Provided data »
>>
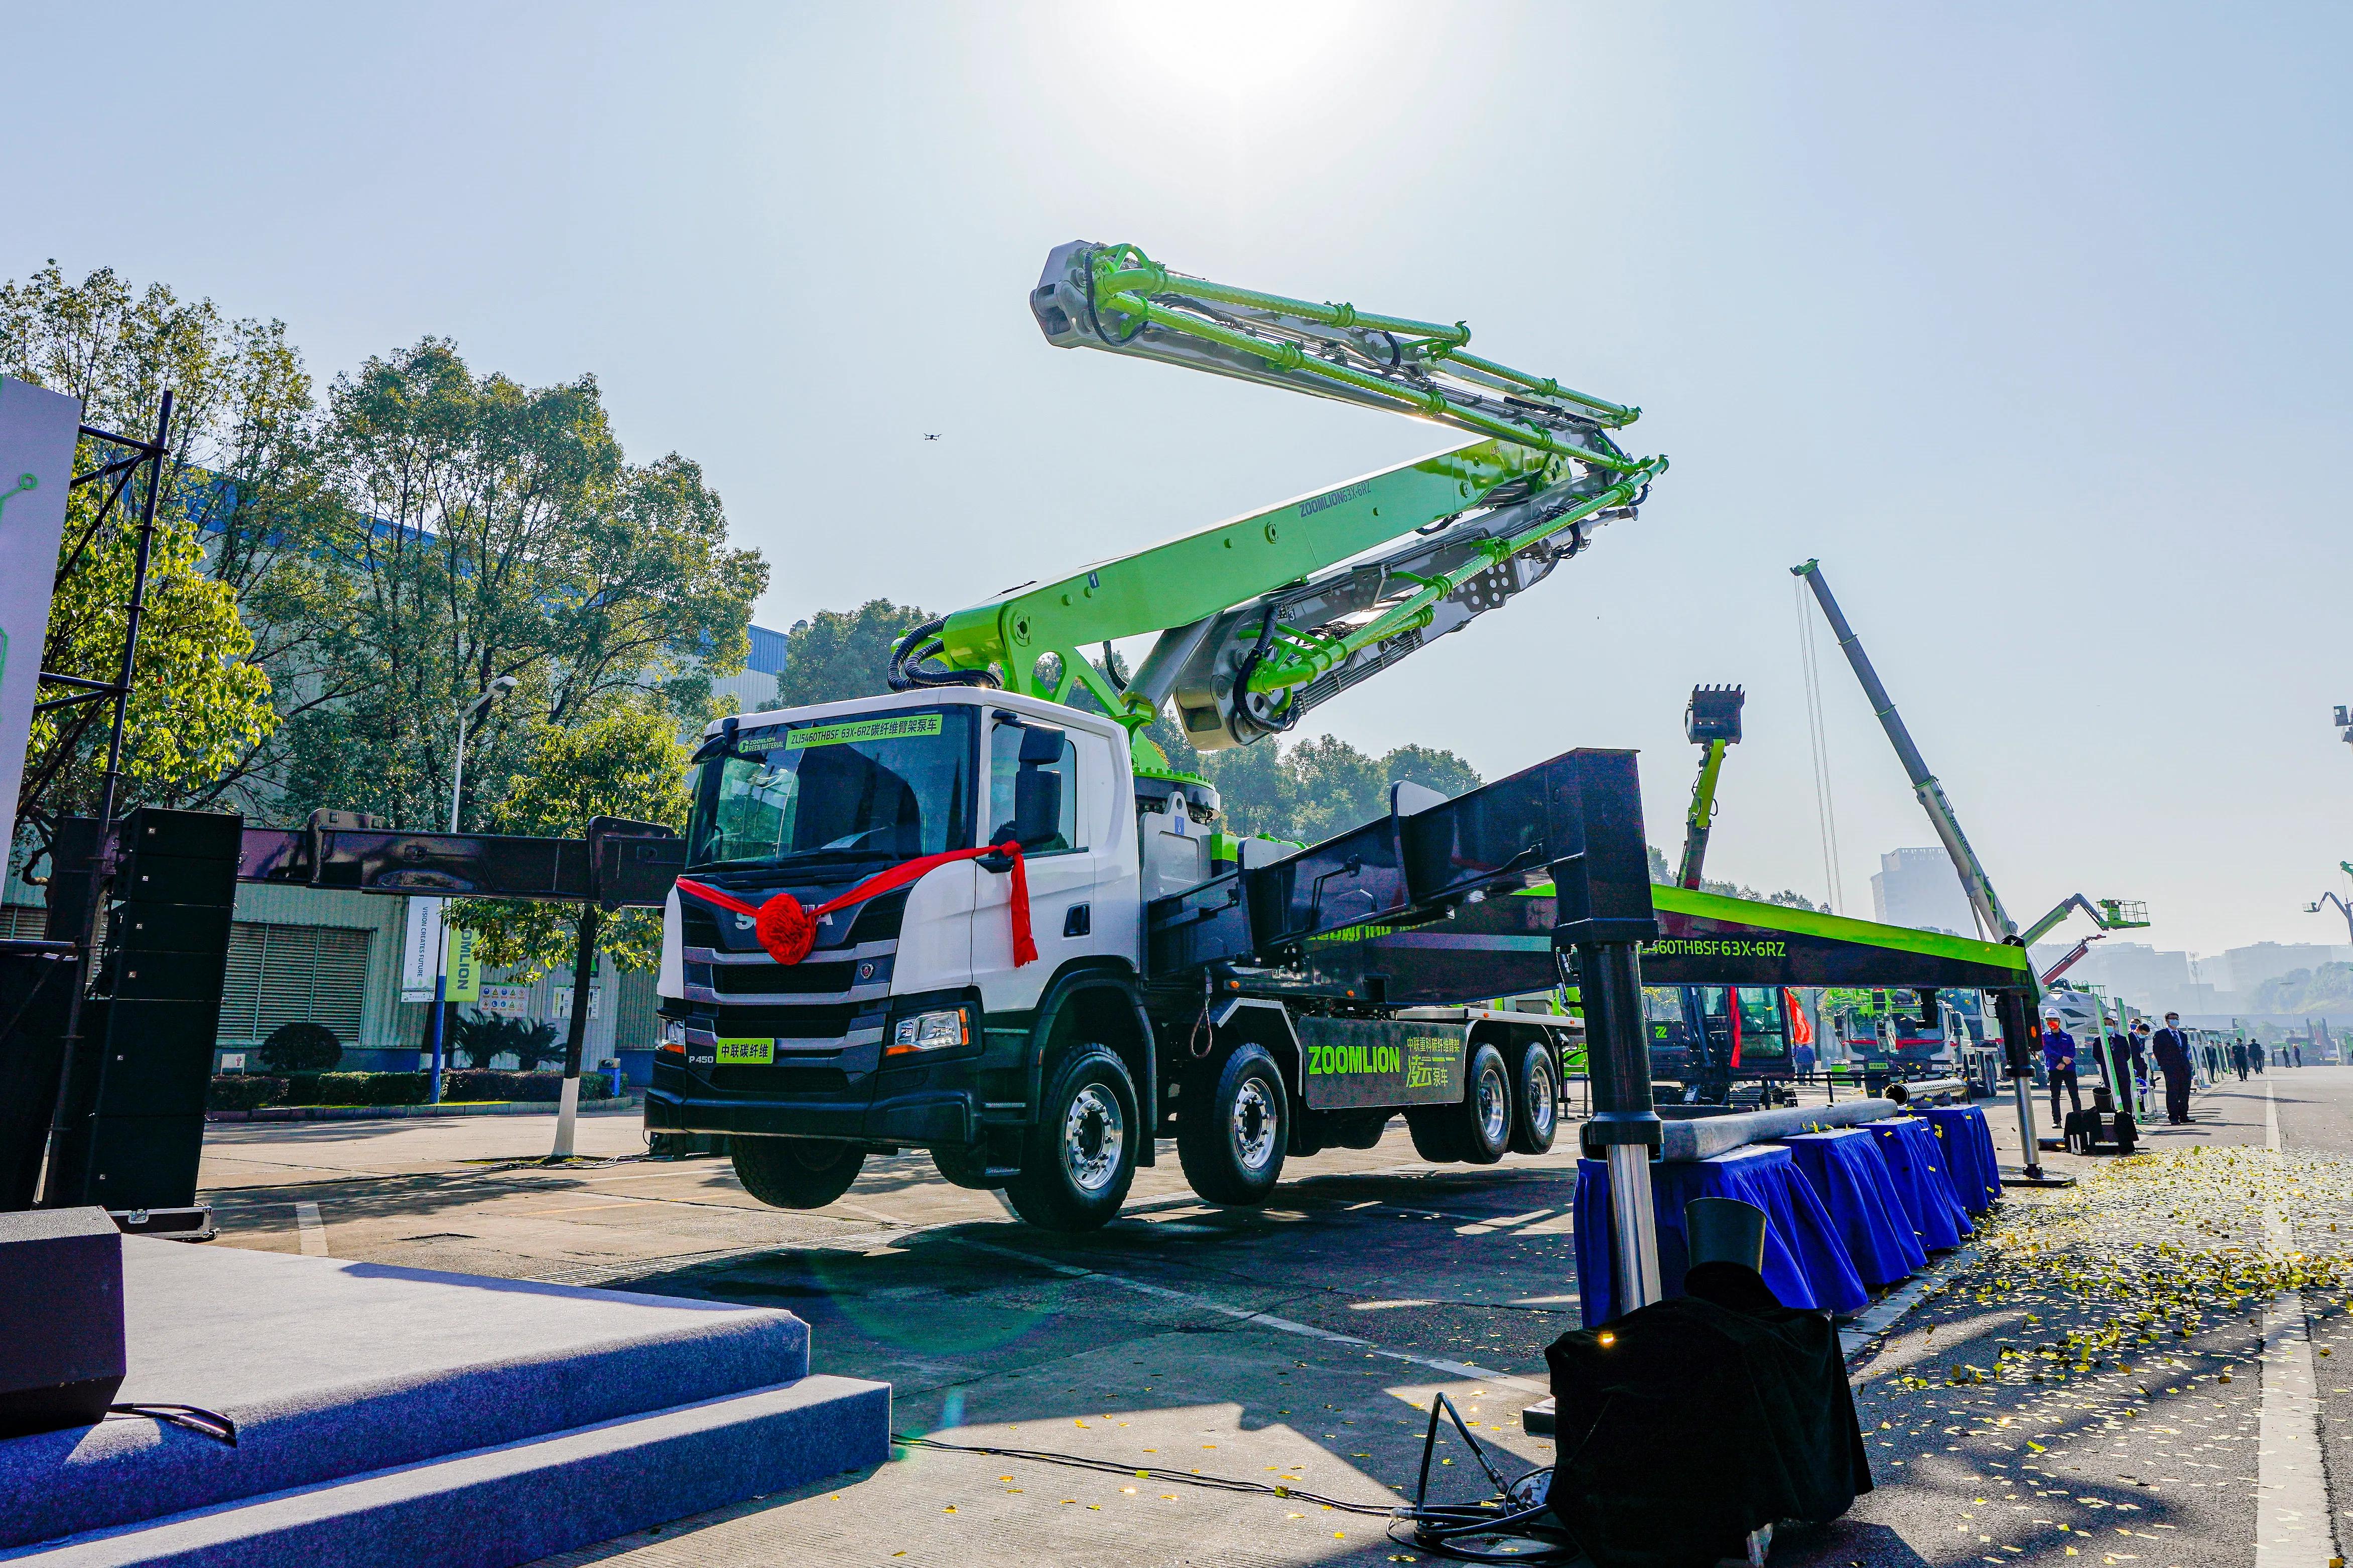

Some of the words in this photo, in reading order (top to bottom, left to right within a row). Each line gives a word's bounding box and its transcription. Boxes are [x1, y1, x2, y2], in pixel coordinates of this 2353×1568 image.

[1091, 574, 1097, 587] 1
[1288, 610, 1295, 621] 3
[749, 737, 775, 745] ZOOMLION
[791, 729, 840, 745] ZLJ5460THBSF
[761, 741, 784, 750] MATERIAL
[1949, 815, 1972, 854] ZOOMLION
[1638, 940, 1719, 955] 60THBSF
[1721, 941, 1786, 957] 63X-6RZ
[457, 928, 473, 990] OMLION
[721, 1043, 769, 1058] 中联碳纤维
[1407, 1036, 1460, 1053] 中联重科碳纤维臂架
[1308, 1046, 1400, 1075] ZOOMLION
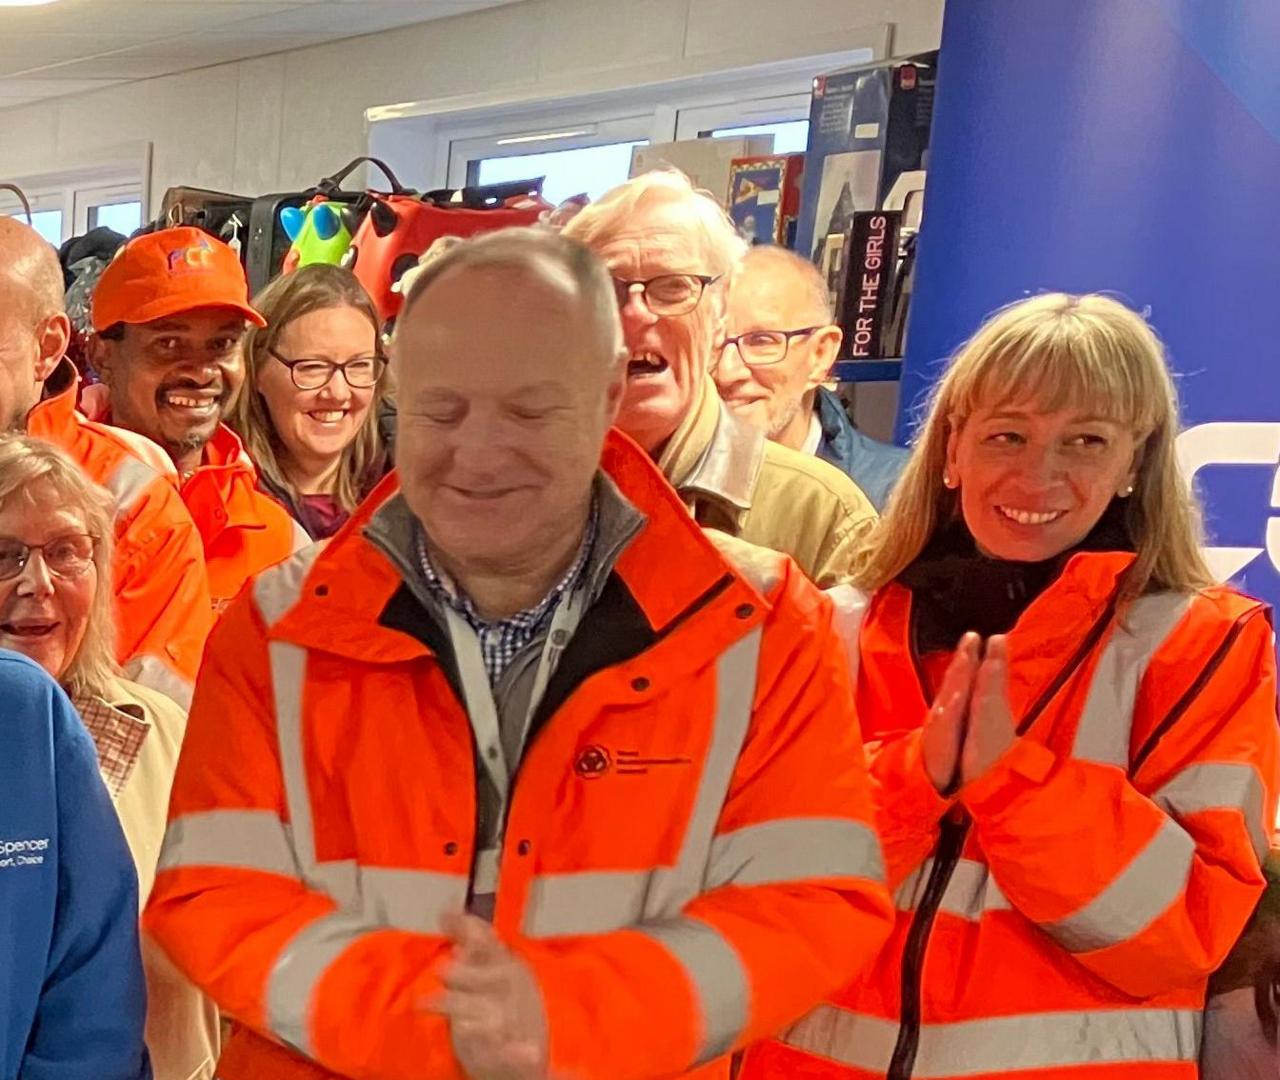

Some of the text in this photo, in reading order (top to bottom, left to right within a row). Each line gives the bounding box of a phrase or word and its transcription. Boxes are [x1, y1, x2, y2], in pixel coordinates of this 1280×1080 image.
<<
What is needed »
Give the entries back verbatim and omit the images.

Answer section »
Some of the words in this photo, in reading order (top to bottom, left to right within a row). Each line gives a word's bounding box and its transcription. Boxes are [x1, y1, x2, y2], in pixel coordinates of this 2353×1568 image.

[1091, 574, 1097, 587] 1
[1288, 610, 1295, 621] 3
[749, 737, 775, 745] ZOOMLION
[791, 729, 840, 745] ZLJ5460THBSF
[761, 741, 784, 750] MATERIAL
[1949, 815, 1972, 854] ZOOMLION
[1638, 940, 1719, 955] 60THBSF
[1721, 941, 1786, 957] 63X-6RZ
[457, 928, 473, 990] OMLION
[721, 1043, 769, 1058] 中联碳纤维
[1407, 1036, 1460, 1053] 中联重科碳纤维臂架
[1308, 1046, 1400, 1075] ZOOMLION

Some of the text in this photo, in reading order (top to bottom, left to right within a row). Each line gives the bounding box of a phrase or word and its transcription. Boxes are [x1, y1, x2, y2], in pixel coordinates of this 1280×1080 image.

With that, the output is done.